- [Exercise instructions] Nothing but the exact text of the entries should appear in your answer; pictures stay out.

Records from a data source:
>>>>>
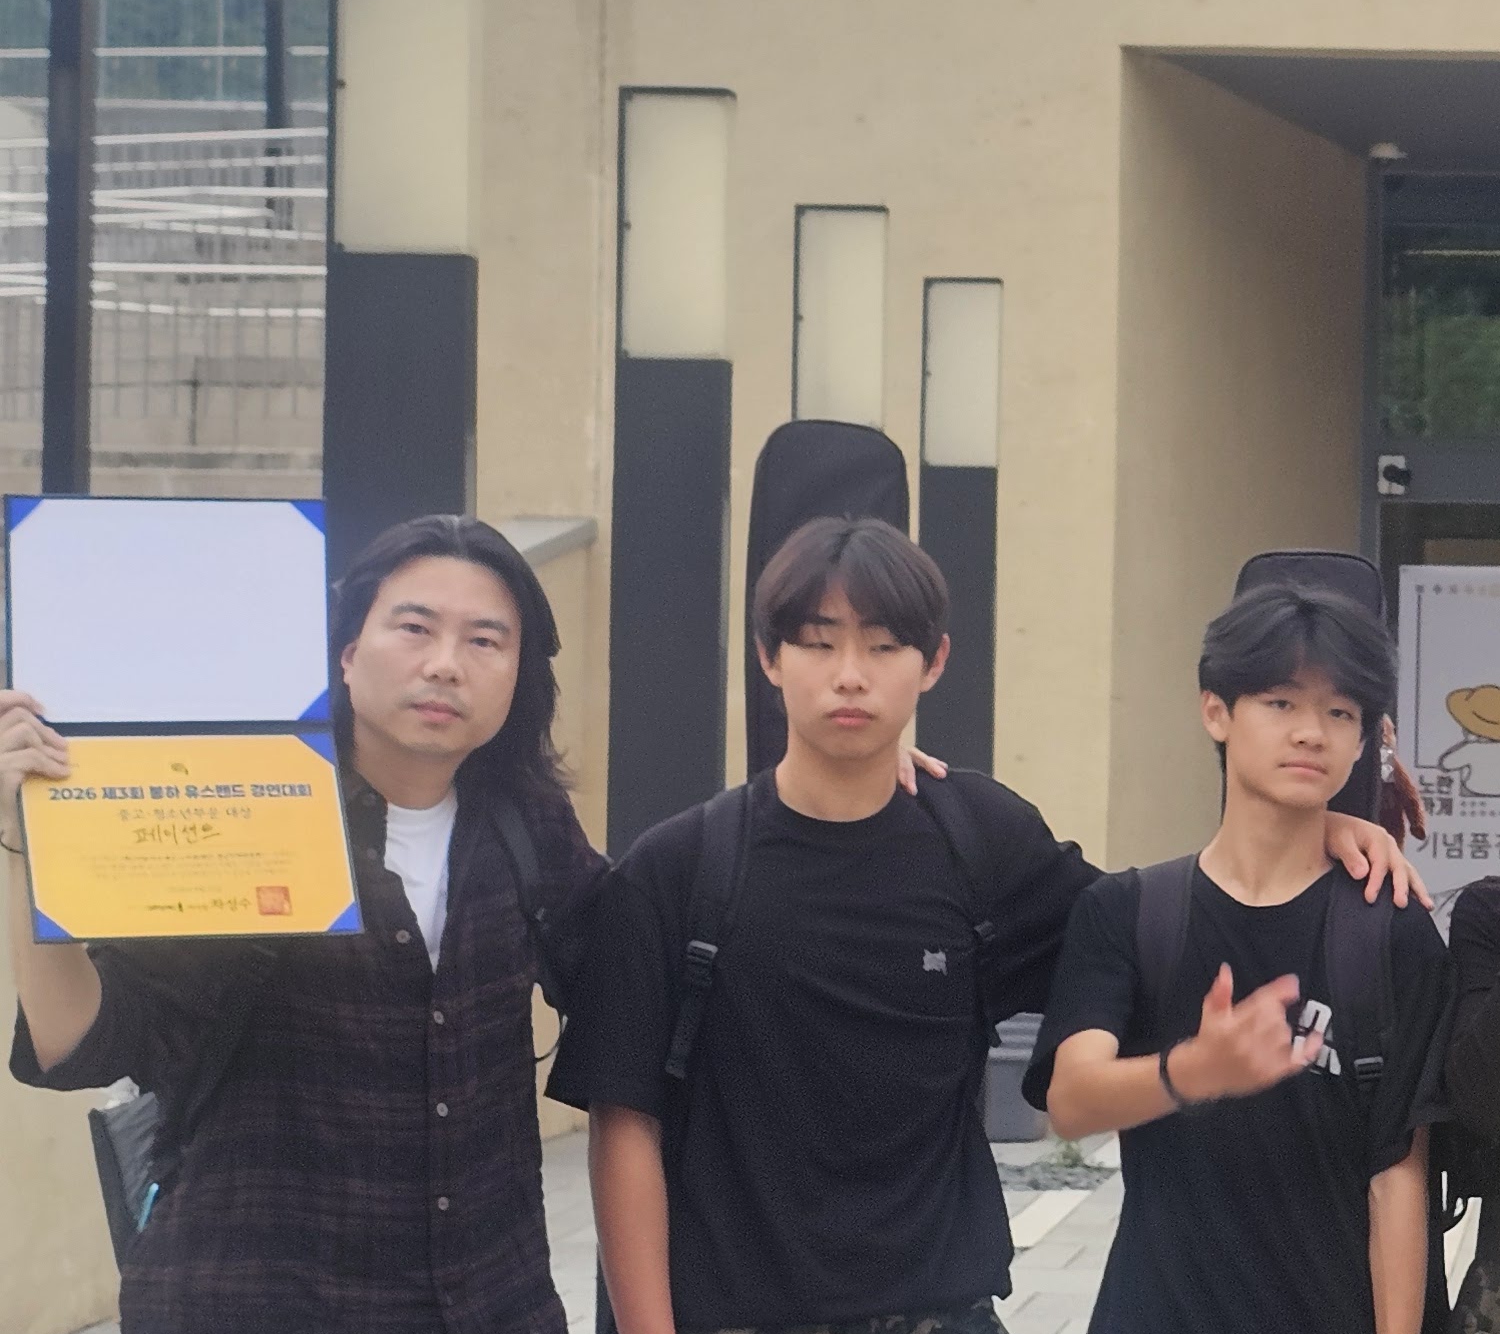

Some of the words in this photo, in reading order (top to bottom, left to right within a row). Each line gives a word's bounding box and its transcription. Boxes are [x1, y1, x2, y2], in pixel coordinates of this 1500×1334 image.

[49, 787, 97, 801] 2026
[102, 785, 145, 800] 제3회
[185, 784, 247, 799] 유스밴드
[251, 783, 313, 798] 경연대회
<<<<<
- [Completed task]
Some of the words in this photo, in reading order (top to bottom, left to right within a row). Each line gives a word's bounding box and its transcription. Boxes are [x1, y1, x2, y2], in pixel coordinates of this 1500×1334 image.

[49, 787, 97, 801] 2026
[102, 785, 145, 800] 제3회
[185, 784, 247, 799] 유스밴드
[251, 783, 313, 798] 경연대회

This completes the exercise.